# C-HR bumper moulding coding



## bellguy (Feb 4, 2021)

My wife's new Toyota C-HR has the lower front bumper moulding in a very pale silvery blue colour which she has decided she doesn't like so i have removed it from the complete bumper and will prep and paint it white to colour code it over the weekend.
Here is said vehicle on collection day about 3 weeks ago. paint code is 040 superwhite.










Will post pics tomorrow of the car minus the bumper trim [which was a pain in the ass to remove] and the coding process as we do it.


----------



## Andyblue (Jun 20, 2017)

Hope it goes well - looks okay to me as it is though


----------



## bellguy (Feb 4, 2021)

Okeedokeeee all masked, prepped and in primer, guns used were Iwata primer gun 1.8 tip, base coat gun Iwata Belaria with 1.3 tip and clear coat gun De Villbis pro lite with T110 air cap and 1.3mm tip










Now after 800 grit flatting off and in white basecoat.



















Basecoat flashed etc + final 2K clear x 2 coats with 9 mins flash time between coats.










Will fit tomorrow morning.

Bottom lip ripped off :lol:


----------



## Andyblue (Jun 20, 2017)

Looks a cracking job there mate :thumb: 

Looking forward to seeing it fitted and looking to looking at the before and after pictures - as I thought it looked good initially …


----------



## bellguy (Feb 4, 2021)

Could do it the Ruby Flare pearl the red accents are also


----------



## ridders66 (May 24, 2019)

bellguy said:


> Could do it the Ruby Flare pearl the red accents are also


Where was the top picture taken? Southport? Or Birkenhead way?


----------



## Andyblue (Jun 20, 2017)

bellguy said:


> Could do it the Ruby Flare pearl the red accents are also


Looking good, think I do prefer it, but wondering what it would look like ruby red like the other accents… :thumb:

More importantly - does your wife like it / prefer it now ?


----------



## Rappy (Oct 2, 2020)

I think it looked better before, sorry  It blends far to much at the front now. 

If I was going to change from Silver. Gloss Black would be my first choice.

But, I can see the Ruby Red looking great too! :thumb:


----------



## Rappy (Oct 2, 2020)

More importantly, as AndyBlue said... does Mrs Bellguy like it


----------



## bellguy (Feb 4, 2021)

Rappy said:


> More importantly, as AndyBlue said... does Mrs Bellguy like it


Andy, Rappy, yes she likes it better than the silver blue but since I mentioned accent matching she THINKS Ruby Flare pearl might be nice :wall: :lol:

If someone could Photoshop the new white bit for a dark red bit it would sure save me some hassle


----------



## bellguy (Feb 4, 2021)

ridders66 said:


> Where was the top picture taken? Southport? Or Birkenhead way?

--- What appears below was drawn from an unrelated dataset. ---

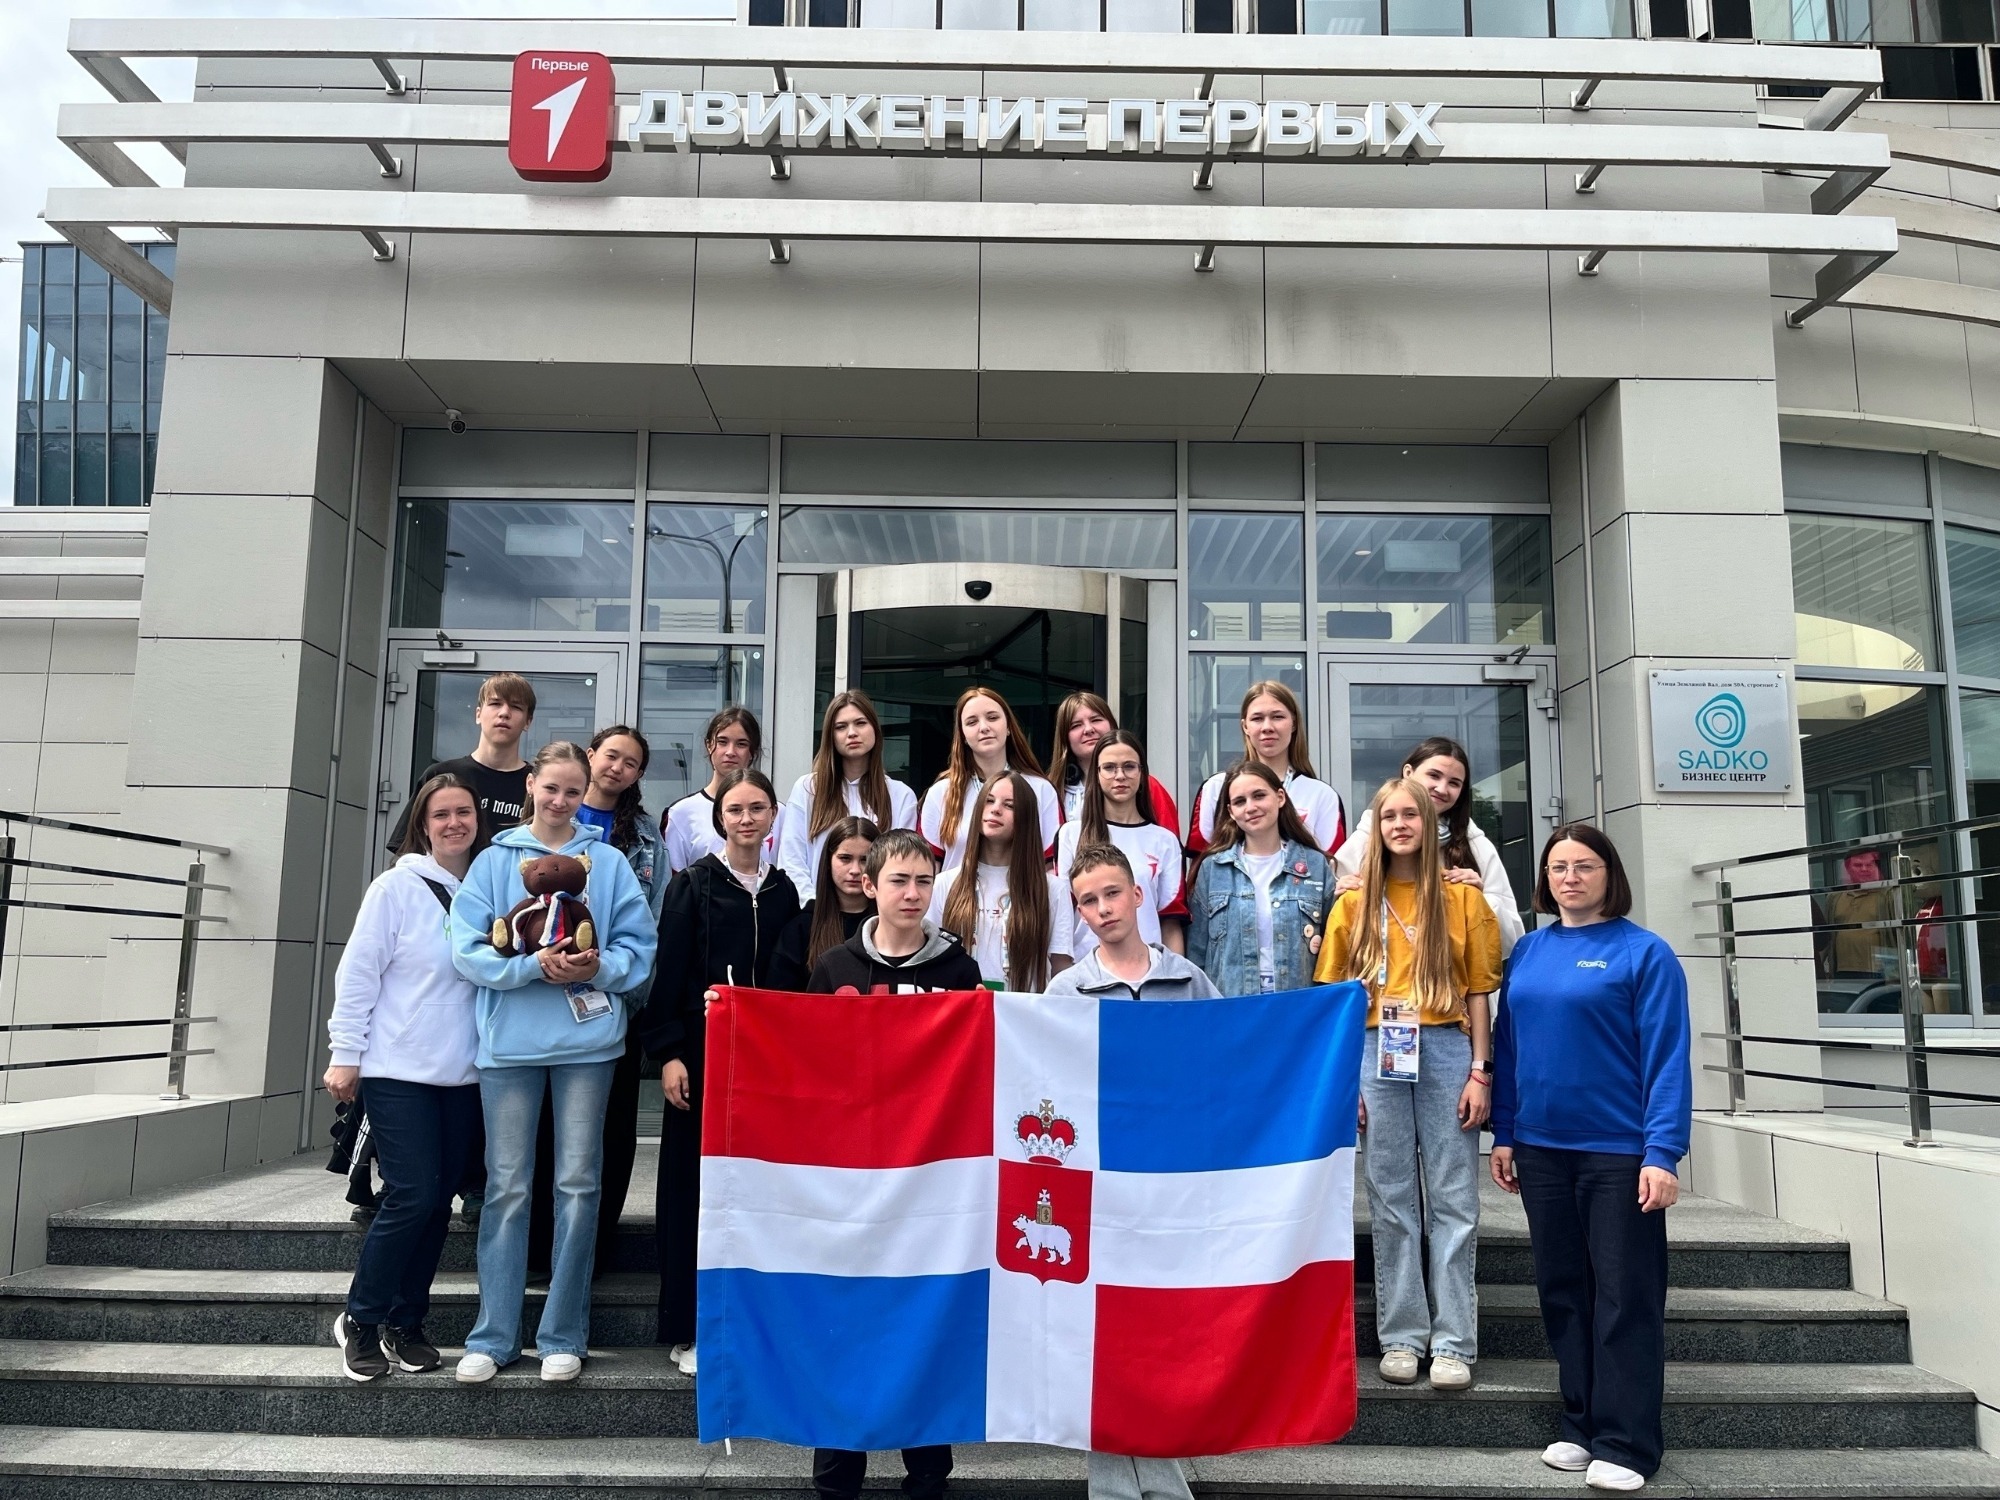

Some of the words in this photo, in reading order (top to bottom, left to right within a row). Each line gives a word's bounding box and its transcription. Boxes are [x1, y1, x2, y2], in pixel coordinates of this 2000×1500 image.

Cleveleys seafront, about half a mile from my father's house.


----------



## Andyblue (Jun 20, 2017)

Not the best on my phone, but…


----------



## bellguy (Feb 4, 2021)

Thanks Andy, Mrs Bellguy says no don't you dare :lol:
So white it stays :thumb:


----------



## Andyblue (Jun 20, 2017)

bellguy said:


> Thanks Andy, Mrs Bellguy says no don't you dare :lol:
> So white it stays :thumb:




Glad I could be of help and save you done work :thumb:


----------



## bellguy (Feb 4, 2021)

Sure has Andy, cheers.
Cheque in the post


----------



## ridders66 (May 24, 2019)

I knew I recognised it! To be fair, the only time I go to Cleveleys is when I cycle up to Fleetwood and back down the coast to Lytham, but I'm on the fantastic cycle path which I think is below the railings?


----------



## ridders66 (May 24, 2019)

I knew it was a local car with the reg prefix!


----------



## Christian6984 (Dec 20, 2007)

Not sure I can compete with Andy but I've done one in the red and one fully colour coded white. Was about as close as I could get (white and black are two shades I struggle to add colour to)


----------



## bellguy (Feb 4, 2021)

ridders66 said:


> I knew I recognised it! To be fair, the only time I go to Cleveleys is when I cycle up to Fleetwood and back down the coast to Lytham, but I'm on the fantastic cycle path which I think is below the railings?


That's a great run for cyclists as there are always a fair few about particularly on nice days yes.

And thanks for the photo shop work
Looks very different with red accents done white plus the red lower lip picture

Food for thought before I get the guns out lol


----------



## bellguy (Feb 4, 2021)

Well after being told by my wife [don't you dare lol]
I did just that and painted it Ruby flare red, and what do you know, she loves it [FOR NOW lol]



















I now have a spare front moulding so i can do it whatever :lol:


----------



## Lexus-is250 (Feb 4, 2017)

Think you've nailed it with that one. Definitely looks the best colour 

Sent from my SM-A515F using Tapatalk


----------



## Rappy (Oct 2, 2020)

bellguy said:


> Well after being told by my wife [don't you dare lol]
> I did just that and painted it Ruby flare red, and what do you know, she loves it [FOR NOW lol]
> 
> 
> ...


Fantastic job :thumb::thumb:

Really sets the car off now!

Looks 100 times better than stock


----------



## Andyblue (Jun 20, 2017)

Oh very nice - does look good and glad she likes it :thumb:


----------



## bellguy (Feb 4, 2021)

Thanks guy's , was worth all the effort and angst


----------



## Andyblue (Jun 20, 2017)

bellguy said:


> I now have a spare front moulding so i can do it whatever :lol:


So you bought another front section ?


----------



## TonyHill (Jul 28, 2015)

Sorry.....preferred it silver


----------



## bellguy (Feb 4, 2021)

TonyHill said:


> Sorry.....preferred it silver


Problem is it wasn't SILVER, in the natural light it was a silver blue and NOTHING whatsoever on the car was that colour lol, dealer fitted it as it is an add on part.

It may well end up metallic grey yet with all the other trim parts, mirror covers etc etc lol we will see, i think its an unfinished project at this point, but as ever each to their own as long as swmbo is happy as its her new toy


----------



## bellguy (Feb 4, 2021)

Andyblue said:


> So you bought another front section ?


YES Andy i bought another front moulding as these things tend to get battered with stones etc, can keep its lip fresh this way.


----------



## enc (Jan 25, 2006)

should do the top section and it'll look like a mouth wearing lipstick ... oh and some of those stick on eyelashes you can get for headlamps :lol:


----------



## bellguy (Feb 4, 2021)

enc said:


> should do the top section and it'll look like a mouth wearing lipstick ... oh and some of those stick on eyelashes you can get for headlamps :lol:


err no, wouldn't want to copy yours :lol:


----------



## Andyblue (Jun 20, 2017)

bellguy said:


> YES Andy i bought another front moulding as these things tend to get battered with stones etc, can keep its lip fresh this way.


Oh very nice and can relatively easy change the look of the front end :thumb:


----------